(Dataset entries)
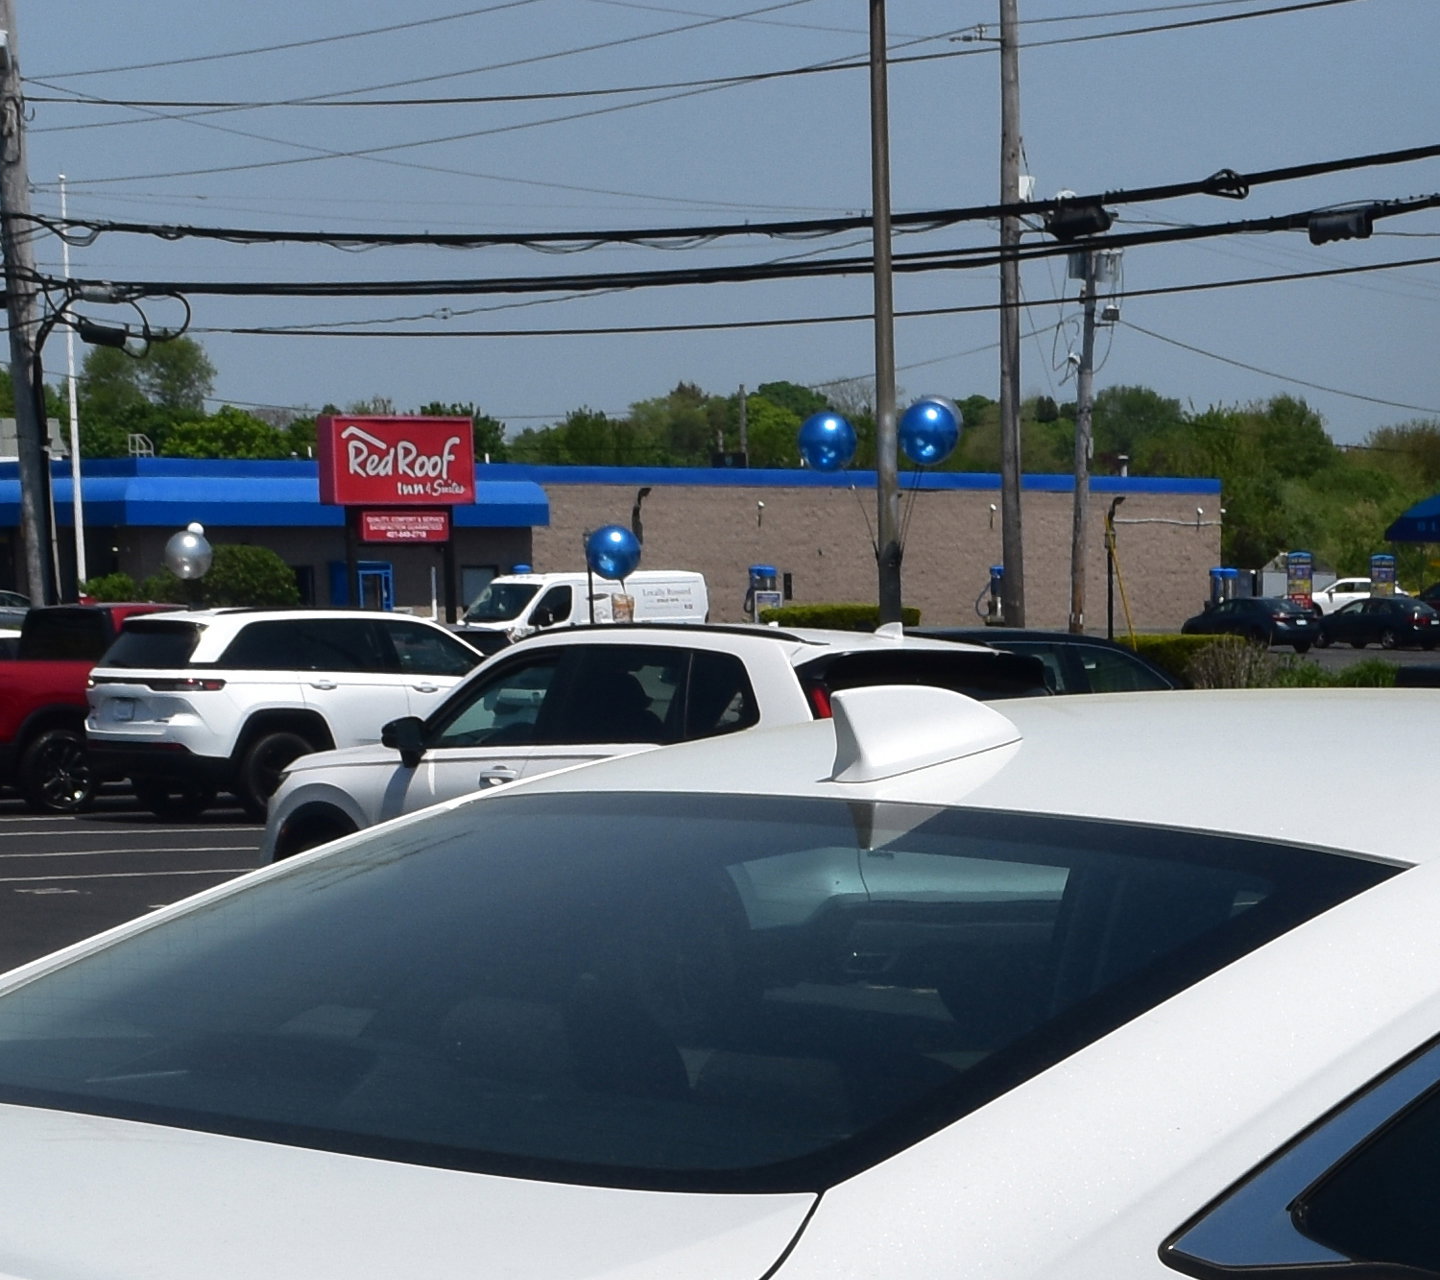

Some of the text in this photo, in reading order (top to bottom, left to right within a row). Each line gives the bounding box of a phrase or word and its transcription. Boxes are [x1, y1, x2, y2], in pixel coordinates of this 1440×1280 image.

[348, 437, 460, 480] Red Roof
[397, 482, 423, 495] Inn
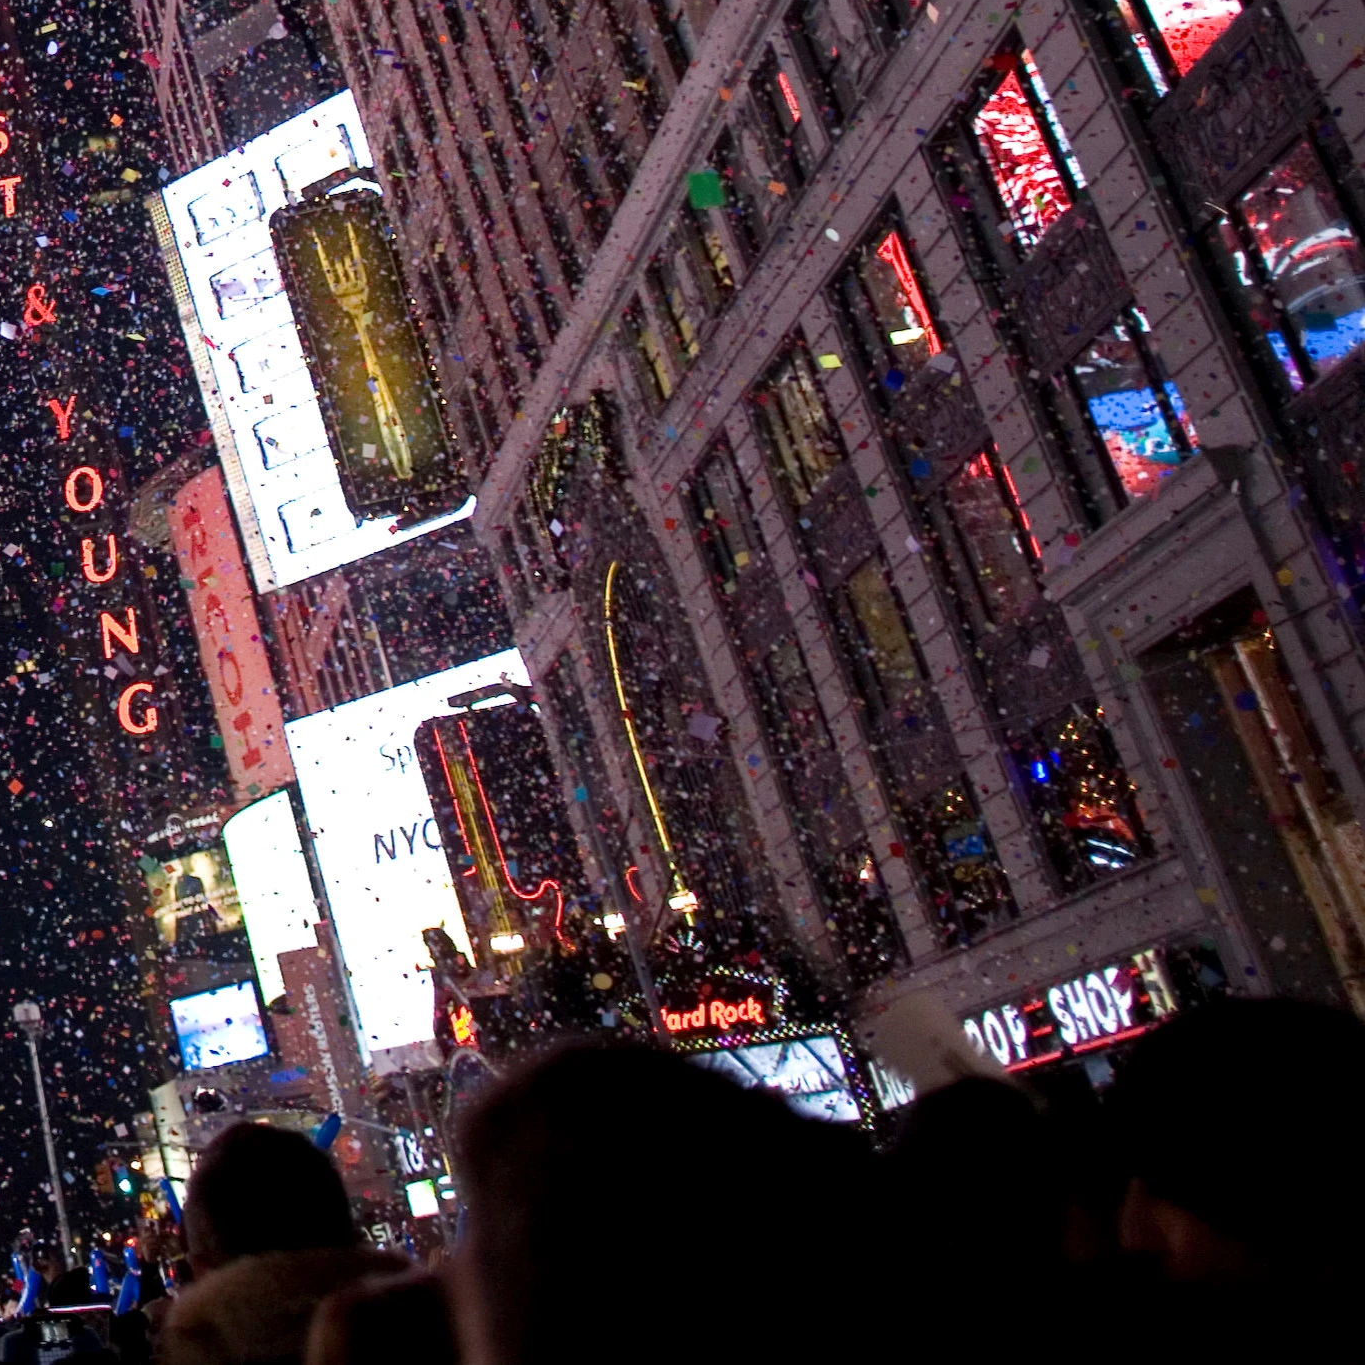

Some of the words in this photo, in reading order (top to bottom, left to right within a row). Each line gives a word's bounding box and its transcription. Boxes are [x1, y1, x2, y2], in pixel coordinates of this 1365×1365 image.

[47, 395, 158, 734] YOUNG
[656, 1004, 706, 1035] ard
[709, 995, 765, 1028] Rock
[1048, 964, 1139, 1047] SHOP
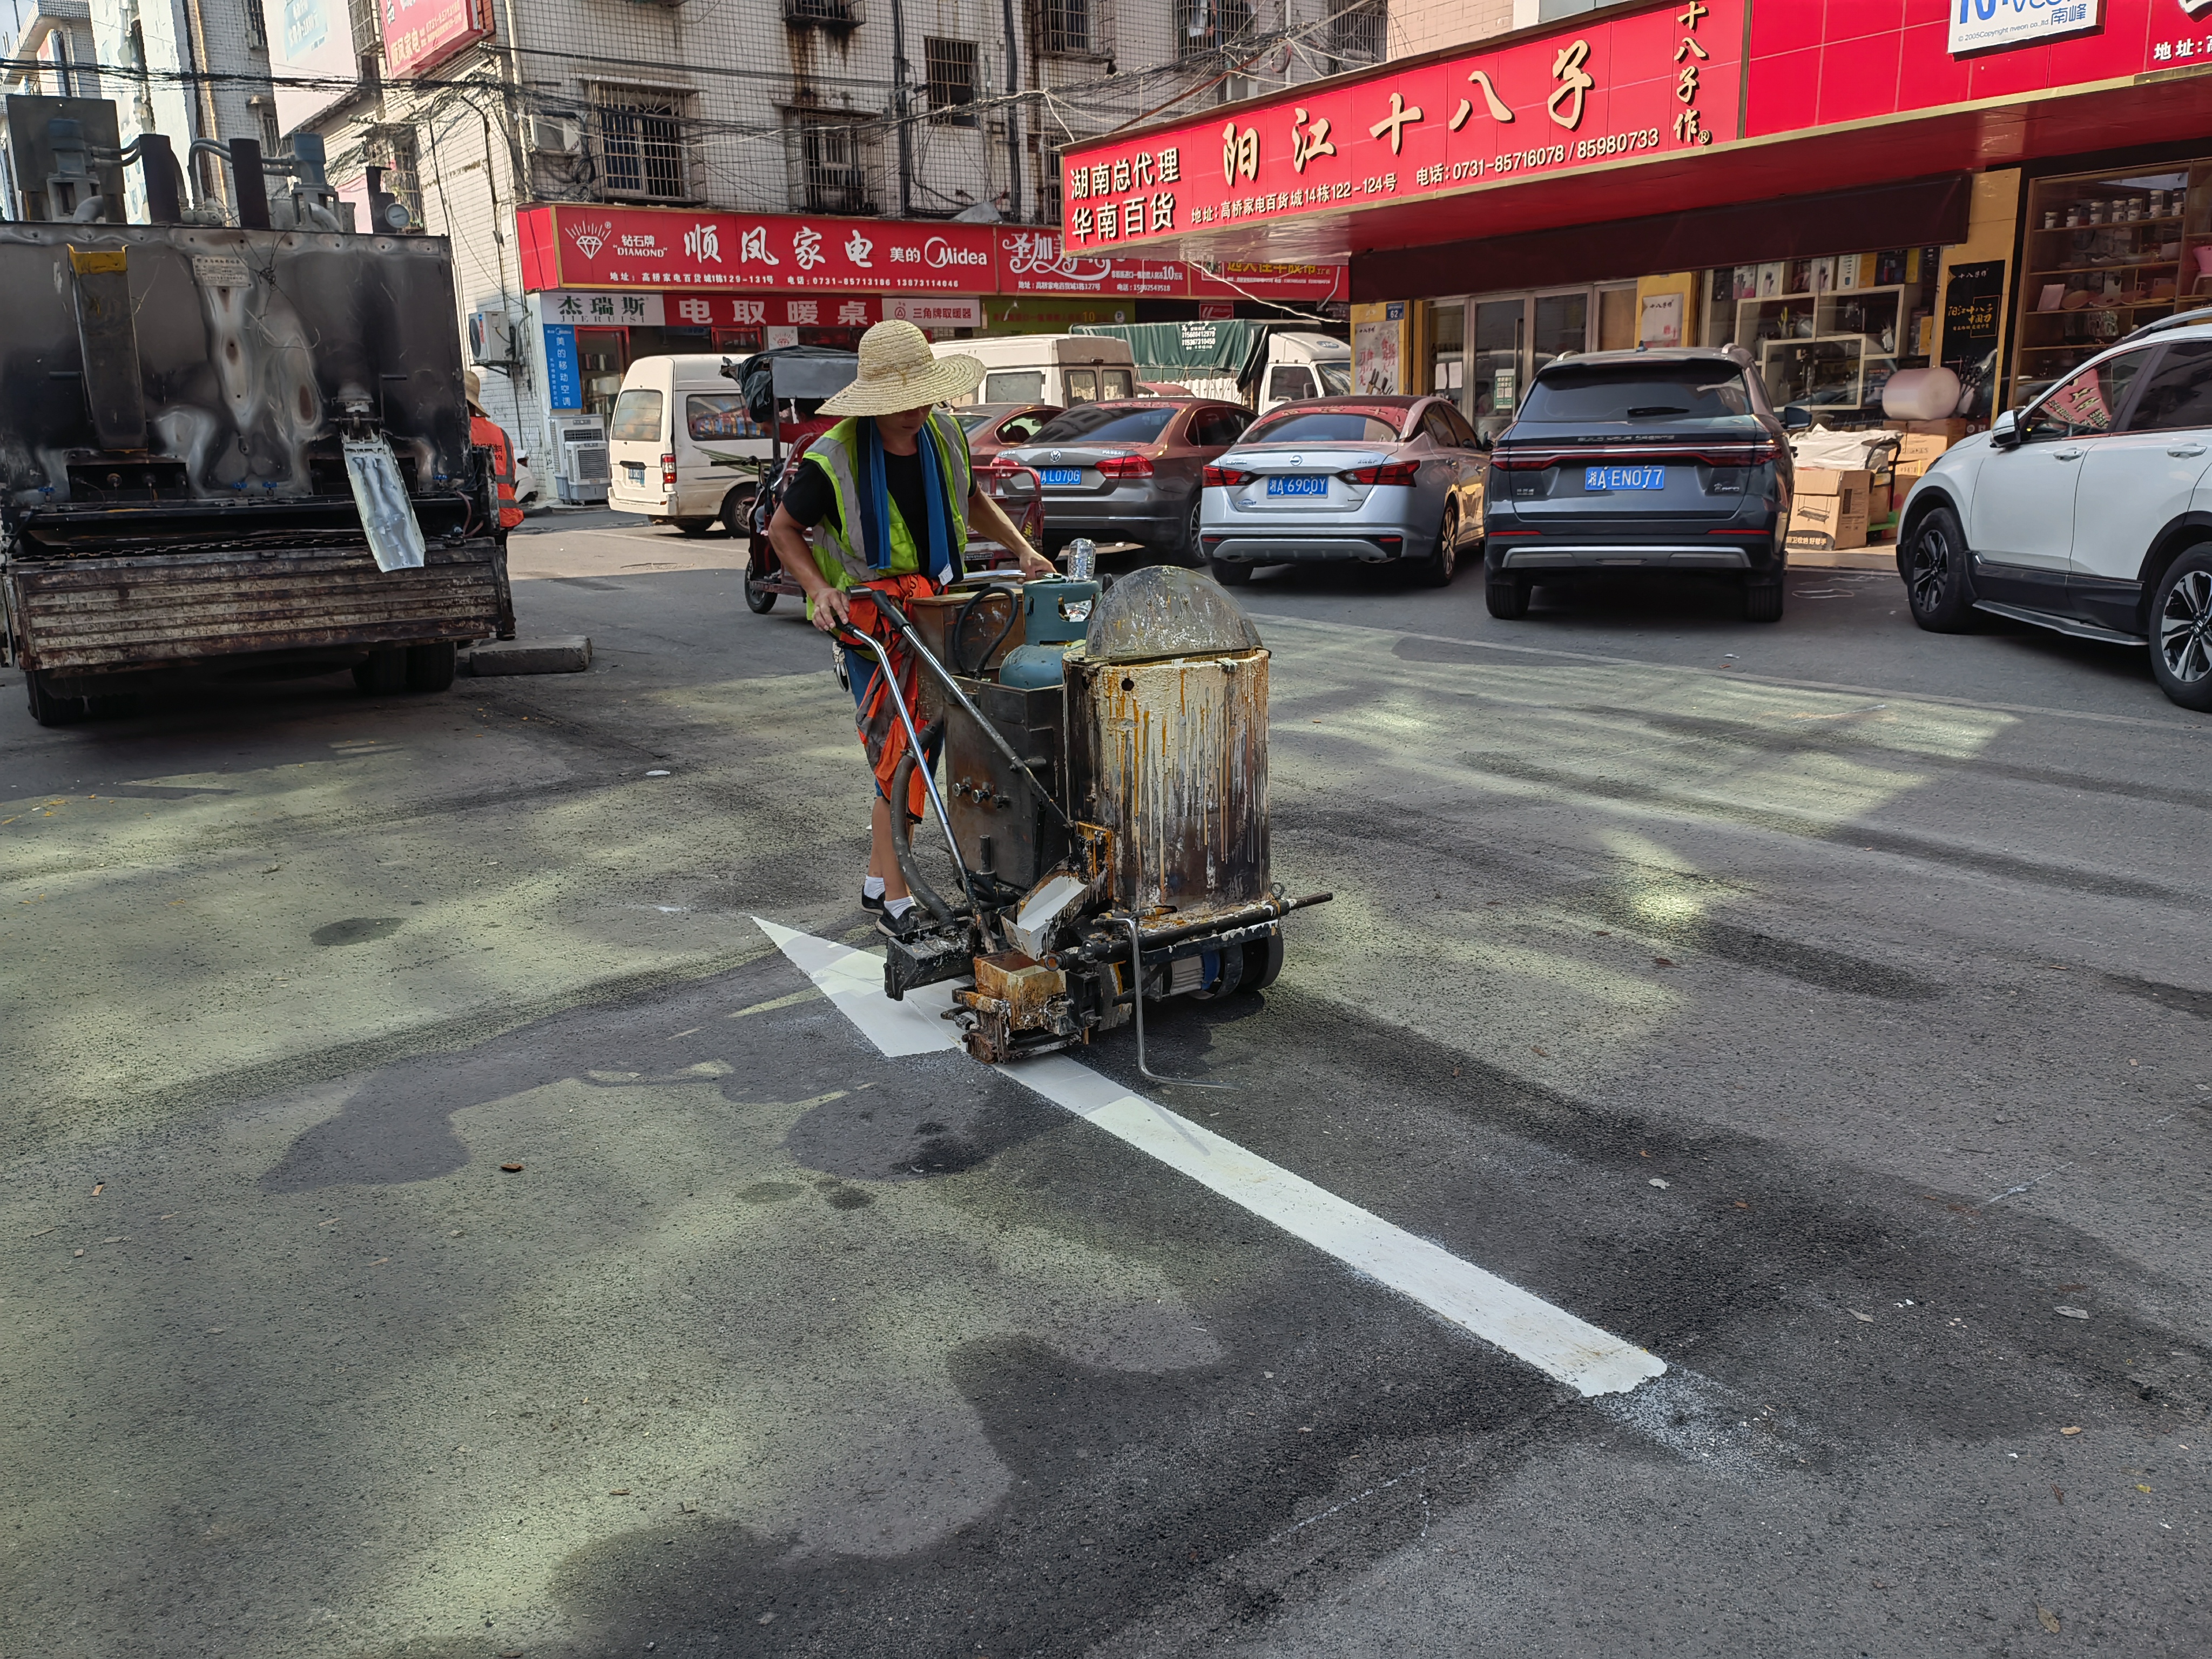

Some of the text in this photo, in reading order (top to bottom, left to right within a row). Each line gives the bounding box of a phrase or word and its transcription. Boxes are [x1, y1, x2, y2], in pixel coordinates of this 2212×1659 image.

[2051, 3, 2087, 25] 南峰
[1221, 39, 1595, 187] 阳江十八子
[1070, 146, 1181, 201] 湖南总代理
[1071, 191, 1176, 245] 华南百货
[621, 234, 655, 248] 钻石牌
[889, 247, 920, 264] 美的
[931, 243, 987, 268] Midea
[557, 295, 645, 316] 杰瑞斯
[679, 299, 868, 326] 电取暖桌
[913, 307, 972, 319] 三角牌取暖器
[1390, 310, 1399, 318] 62
[1948, 304, 1993, 316] 阳江十八子
[556, 336, 571, 406] 美的移动空调

Problem: Where the line containing "Some of the words" appears in the data above, begin there and output every line through the last, exactly and without pictures.

Solution for this exercise:
Some of the words in this photo, in reading order (top to bottom, left to right within a row). Each line gives a word's bounding box and its transcription. Boxes are [x1, y1, x2, y2], in pixel coordinates of this 1365×1365 image.

[47, 395, 158, 734] YOUNG
[656, 1004, 706, 1035] ard
[709, 995, 765, 1028] Rock
[1048, 964, 1139, 1047] SHOP

Some of the text in this photo, in reading order (top to bottom, left to right within a row). Each line gives the bounding box of a phrase or word and its transcription. Boxes are [x1, y1, x2, y2], in pixel coordinates of this 2212×1659 image.

[2051, 3, 2087, 25] 南峰
[1221, 39, 1595, 187] 阳江十八子
[1070, 146, 1181, 201] 湖南总代理
[1071, 191, 1176, 245] 华南百货
[621, 234, 655, 248] 钻石牌
[889, 247, 920, 264] 美的
[931, 243, 987, 268] Midea
[557, 295, 645, 316] 杰瑞斯
[679, 299, 868, 326] 电取暖桌
[913, 307, 972, 319] 三角牌取暖器
[1390, 310, 1399, 318] 62
[1948, 304, 1993, 316] 阳江十八子
[556, 336, 571, 406] 美的移动空调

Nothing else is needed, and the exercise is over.